The Master Fund will establish a separate account for each class of
shares comprised in each segregated account (each, an "account").
Each account is a separate individually managed pool of assets
constituting, in effect, a separate fund with its own investment
objective and policies and overseen by the Investment Manager.
Pursuant to an investment management agreement, the Fund is managed
by CATCo Investment Management Ltd. (the "Investment Manager").
Refer to the Fund's prospectus for more information.
The Fund's Shares are listed and traded on the Specialist Fund
Market, a market operated by the London Stock Exchange. The Fund's
Shares are also listed on the Bermuda Stock Exchange following the
Secondary Listing on 20 May 2011.
The objective of the Master Fund is to give the shareholders the
opportunity to participate in the investment returns of various
insurance-based instruments, including preferred shares through
which the Master Fund would be exposed to reinsurance risk,
insurance-linked securities (such as notes, swaps and other
derivatives), and other financial instruments. All of the Master
Fund's exposure to reinsurance risk is obtained through its
investment (via preferred shares) in CATCo-Re Ltd. (the
"Reinsurer"). The Fund's ownership is greater than 50% of the
Master Fund at 31 December 2011.
The Reinsurer is a Bermuda licensed Class 3 reinsurance company,
registered as a segregated accounts company under the SAC Act,
through which the Master Fund accesses all of its reinsurance risk
exposure. The Reinsurer will form a segregated account that
corresponds solely to the Master Fund's investment in the Reinsurer
with respect to each particular reinsurance agreement.
The Reinsurer focuses primarily on property catastrophe
insurance and may be exposed to losses arising from hurricanes,
earthquakes, typhoons, hailstorms, floods, tsunamis, tornados,
windstorms, extreme temperatures, aviation accidents, fires,
explosions, marine accidents and other perils.
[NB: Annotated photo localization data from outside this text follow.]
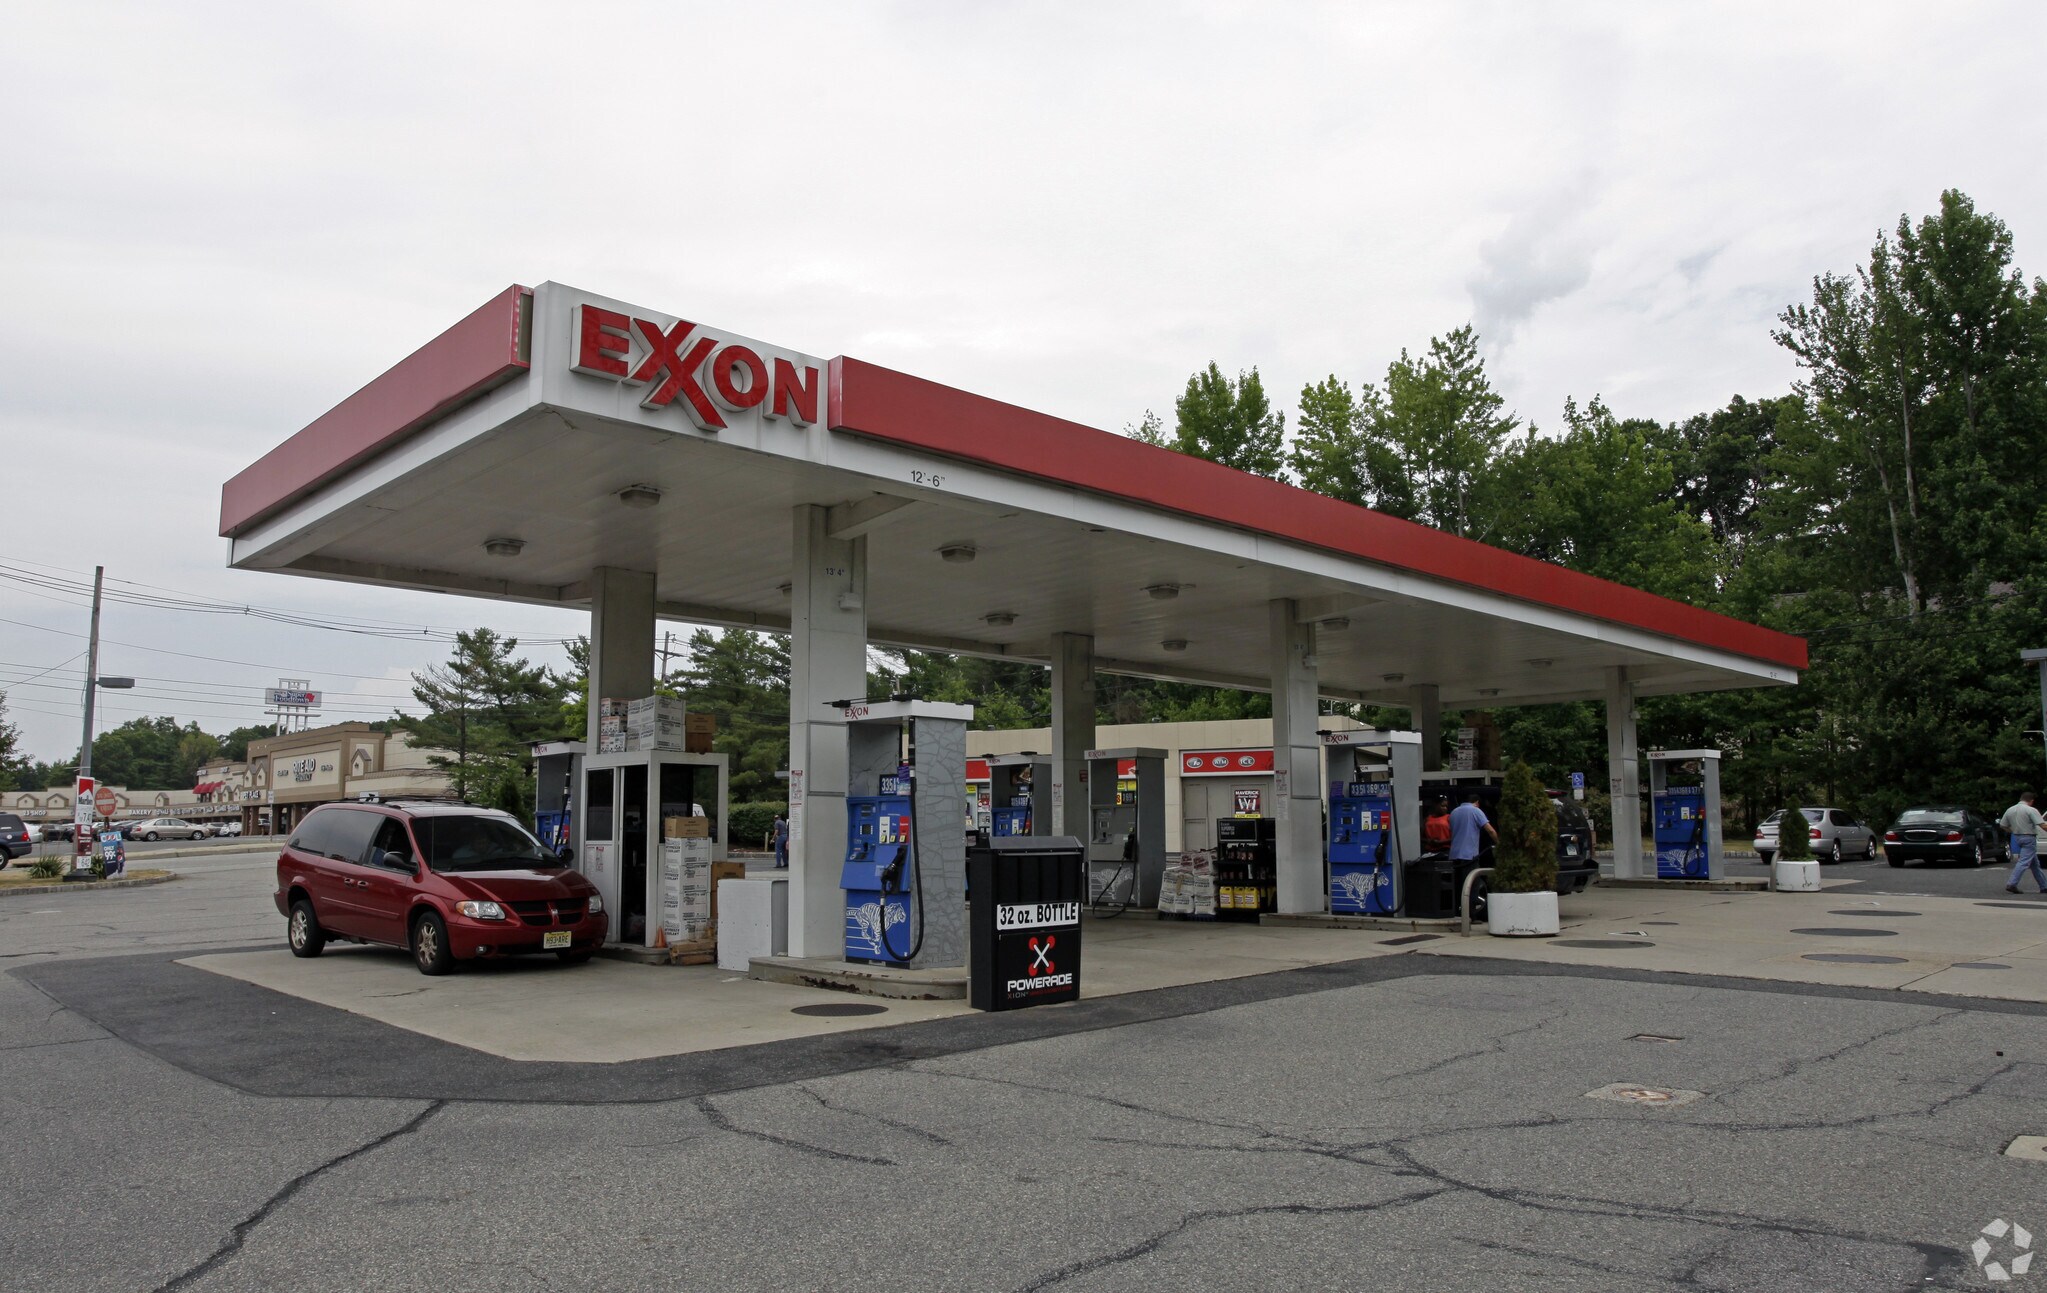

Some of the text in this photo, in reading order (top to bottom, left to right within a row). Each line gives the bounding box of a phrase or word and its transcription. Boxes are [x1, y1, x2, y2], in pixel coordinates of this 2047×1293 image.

[577, 303, 819, 429] EXXON
[844, 706, 869, 719] EXXON
[1325, 734, 1349, 744] EXXON
[1088, 750, 1106, 759] EXXON
[1000, 903, 1077, 925] 32 oz. BOTTLE
[1007, 973, 1072, 992] POWERADE
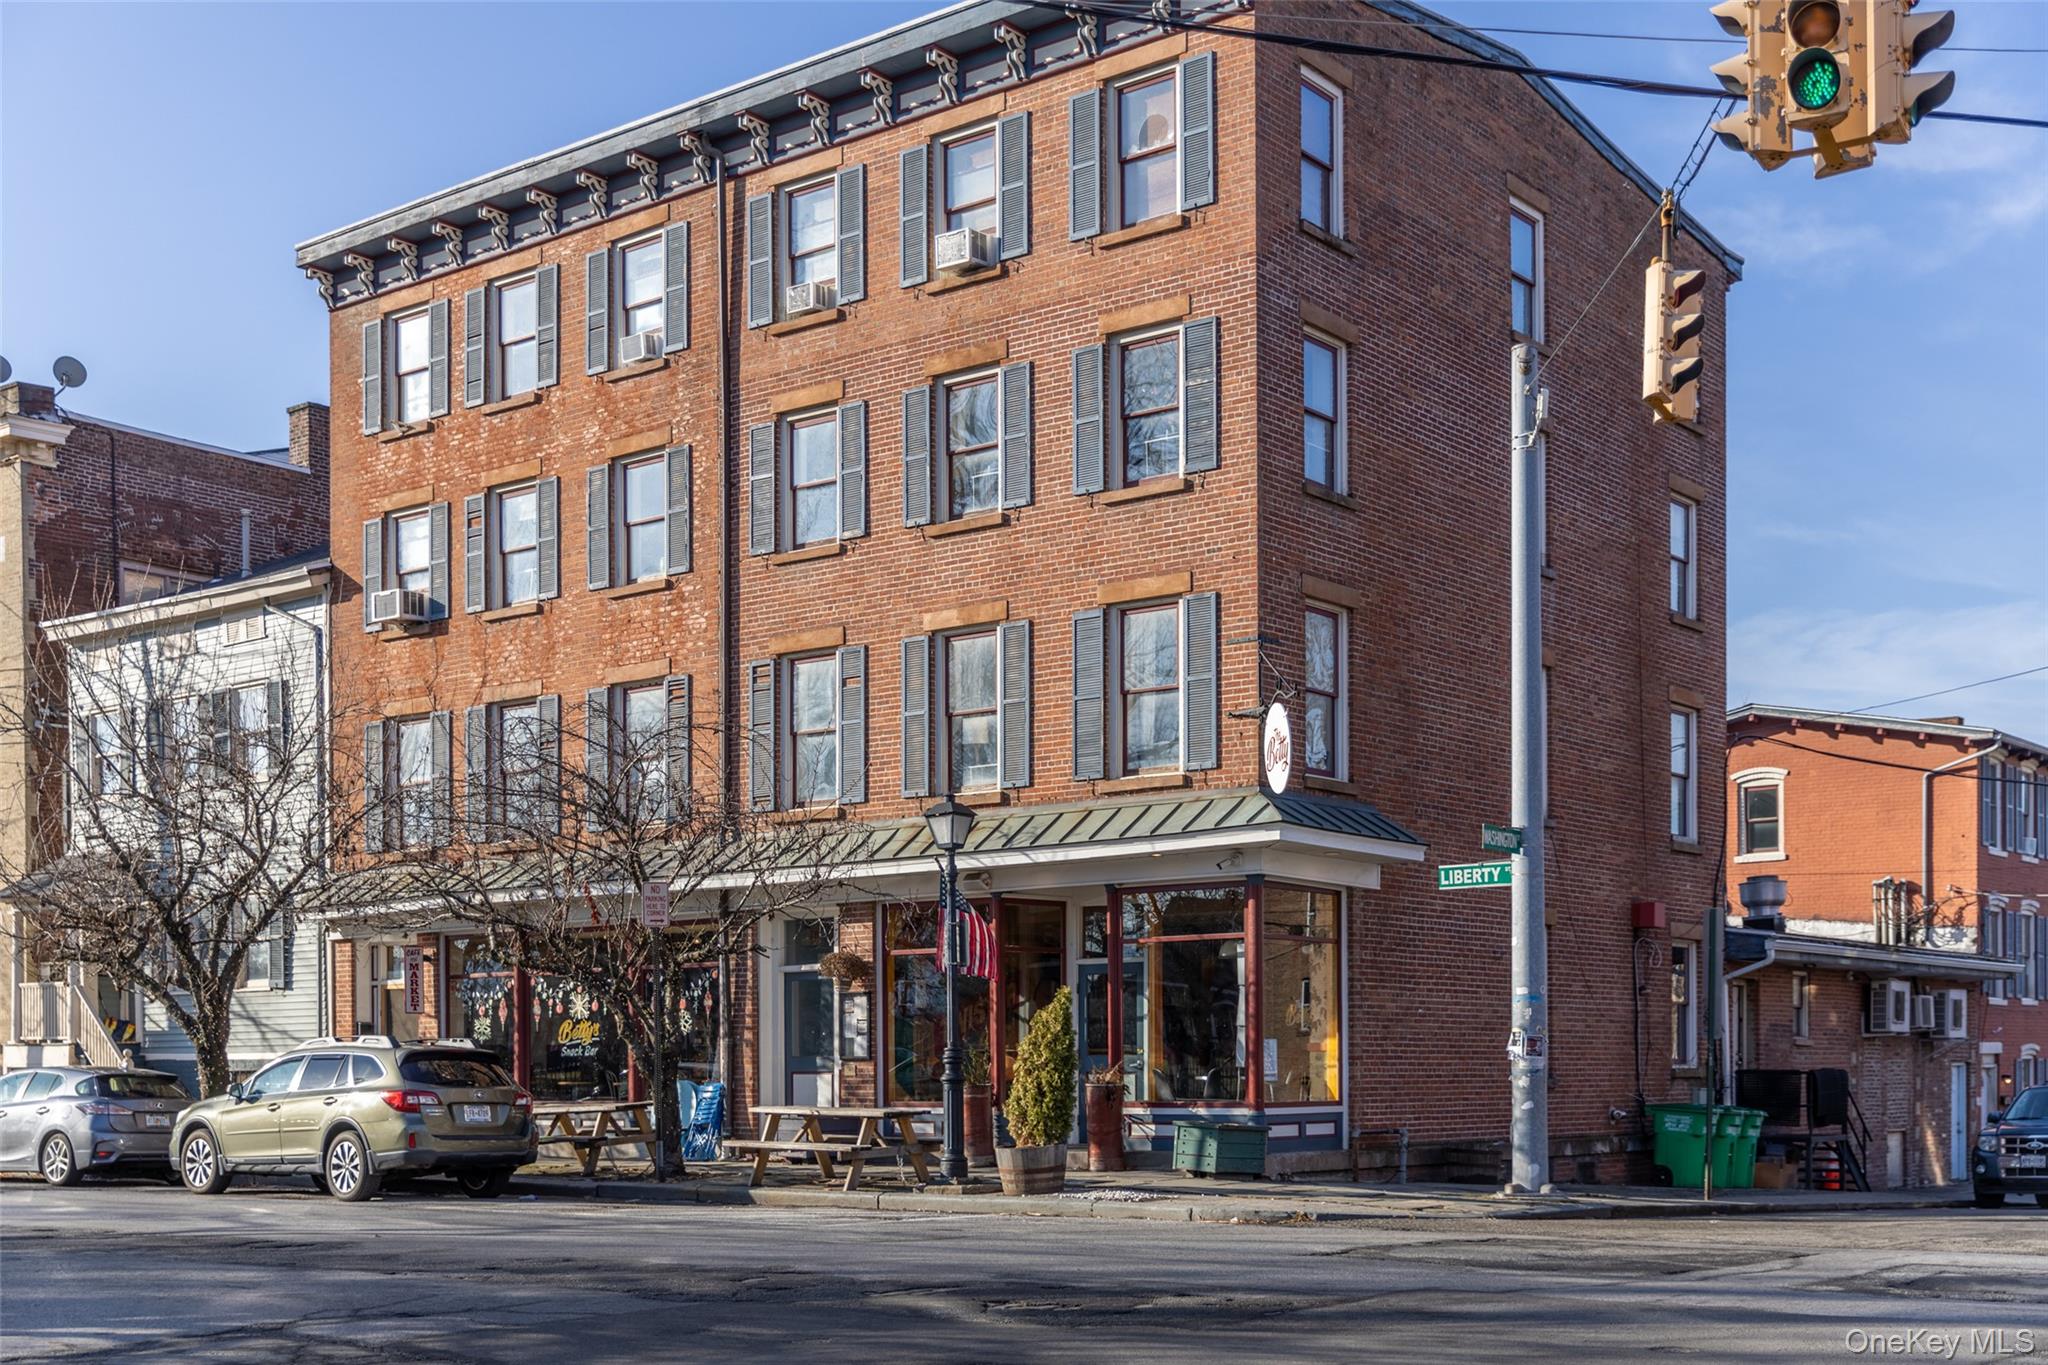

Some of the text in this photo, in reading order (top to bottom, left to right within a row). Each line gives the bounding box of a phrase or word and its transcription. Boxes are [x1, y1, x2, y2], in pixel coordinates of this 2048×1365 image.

The financial statements of the Fund should be read and
considered in conjunction with the annual audited financial
statements of the Master Fund.
Basis of Presentation
The financial statements are expressed in United States dollars
and have been prepared in conformity with accounting principles
generally accepted in the United States of America ("GAAP") as
detailed in the Financial Accounting Standards Board's Accounting
Standards Codification.
Cash and Cash Equivalents
Cash and cash equivalents include short-term, highly liquid
investments, such as money market funds, that are readily
convertible to known amounts of cash and have original maturities
of three months or less.
Valuation of Investment in CATCo Diversified Fund
The Fund records its investment in the Master Fund at fair
value. Valuation of investments held by the Master Fund, including,
but not limited to the valuation techniques used and classification
within the fair value hierarchy of investments held are discussed
as follows.
Fair Value - Definition and Hierarchy (Master Fund)
Fair value is defined as the price that would be received to
sell an asset or paid to transfer a liability (i.e., the "exit
price") in an orderly transaction between market participants at
the measurement date.
In determining fair value, the Master Fund uses various
valuation approaches. A fair value hierarchy for inputs is used in
measuring fair value that maximizes the use of observable inputs
and minimizes the use of unobservable inputs by requiring that the
most observable inputs are to be used when available. Observable
inputs are those that market participants would use in pricing the
asset or liability based on market data obtained from sources
independent of the Master Fund. Unobservable inputs reflect the
Master Fund's assumptions about the inputs market participants
would use in pricing the asset or liability developed based on the
best information available in the circumstances. The fair value
hierarchy is categorized into three levels based on the inputs as
follows:
Level 1 - Valuations based on unadjusted quoted prices in active
markets for identical assets or liabilities that the Master Fund
has the ability to access. Valuation adjustments are not applied to
Level 1 investments. Since valuations are based on quoted prices
that are readily and regularly available in an active market,
valuation of these investments does not entail a significant degree
of judgment.
Level 2 - Valuations based on quoted prices in markets that are
not active or for which all significant inputs are observable,
either directly or indirectly.
Level 3 - Valuations based on inputs that are unobservable and
significant to the overall fair value measurement.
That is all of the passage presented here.